_Data shown:_
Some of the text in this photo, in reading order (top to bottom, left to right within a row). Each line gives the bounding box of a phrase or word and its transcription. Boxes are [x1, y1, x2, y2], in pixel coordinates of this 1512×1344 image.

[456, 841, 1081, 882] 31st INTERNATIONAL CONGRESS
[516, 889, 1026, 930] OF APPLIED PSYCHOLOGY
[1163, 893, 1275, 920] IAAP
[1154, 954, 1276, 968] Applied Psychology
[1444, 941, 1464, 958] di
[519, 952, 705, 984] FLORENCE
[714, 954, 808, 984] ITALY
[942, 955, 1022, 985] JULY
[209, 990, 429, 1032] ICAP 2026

_What needs to be done:_
Leaving every word in place, retype all of the listing.

_Result of the exercise:_
Some of the text in this photo, in reading order (top to bottom, left to right within a row). Each line gives the bounding box of a phrase or word and its transcription. Boxes are [x1, y1, x2, y2], in pixel coordinates of this 1512×1344 image.

[456, 841, 1081, 882] 31st INTERNATIONAL CONGRESS
[516, 889, 1026, 930] OF APPLIED PSYCHOLOGY
[1163, 893, 1275, 920] IAAP
[1154, 954, 1276, 968] Applied Psychology
[1444, 941, 1464, 958] di
[519, 952, 705, 984] FLORENCE
[714, 954, 808, 984] ITALY
[942, 955, 1022, 985] JULY
[209, 990, 429, 1032] ICAP 2026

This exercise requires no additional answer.